▶ _PROBLEM TO WORK ON_
An answer that reproduces all the entries exactly is what is needed.

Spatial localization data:
%%

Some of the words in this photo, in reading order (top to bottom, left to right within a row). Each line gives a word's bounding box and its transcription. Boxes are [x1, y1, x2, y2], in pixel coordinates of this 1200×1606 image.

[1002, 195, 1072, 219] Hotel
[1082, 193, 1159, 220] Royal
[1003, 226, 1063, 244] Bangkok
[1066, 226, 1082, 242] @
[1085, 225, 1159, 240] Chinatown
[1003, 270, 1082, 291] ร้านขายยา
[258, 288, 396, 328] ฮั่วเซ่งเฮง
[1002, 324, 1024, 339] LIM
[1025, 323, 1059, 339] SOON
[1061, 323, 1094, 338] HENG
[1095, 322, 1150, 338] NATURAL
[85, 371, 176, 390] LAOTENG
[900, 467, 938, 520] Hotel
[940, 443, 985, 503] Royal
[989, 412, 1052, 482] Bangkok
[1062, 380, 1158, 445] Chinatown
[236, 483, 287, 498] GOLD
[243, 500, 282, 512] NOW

%%

▶ _SOLUTION FOR THIS PROBLEM_
Some of the words in this photo, in reading order (top to bottom, left to right within a row). Each line gives a word's bounding box and its transcription. Boxes are [x1, y1, x2, y2], in pixel coordinates of this 1200×1606 image.

[1002, 195, 1072, 219] Hotel
[1082, 193, 1159, 220] Royal
[1003, 226, 1063, 244] Bangkok
[1066, 226, 1082, 242] @
[1085, 225, 1159, 240] Chinatown
[1003, 270, 1082, 291] ร้านขายยา
[258, 288, 396, 328] ฮั่วเซ่งเฮง
[1002, 324, 1024, 339] LIM
[1025, 323, 1059, 339] SOON
[1061, 323, 1094, 338] HENG
[1095, 322, 1150, 338] NATURAL
[85, 371, 176, 390] LAOTENG
[900, 467, 938, 520] Hotel
[940, 443, 985, 503] Royal
[989, 412, 1052, 482] Bangkok
[1062, 380, 1158, 445] Chinatown
[236, 483, 287, 498] GOLD
[243, 500, 282, 512] NOW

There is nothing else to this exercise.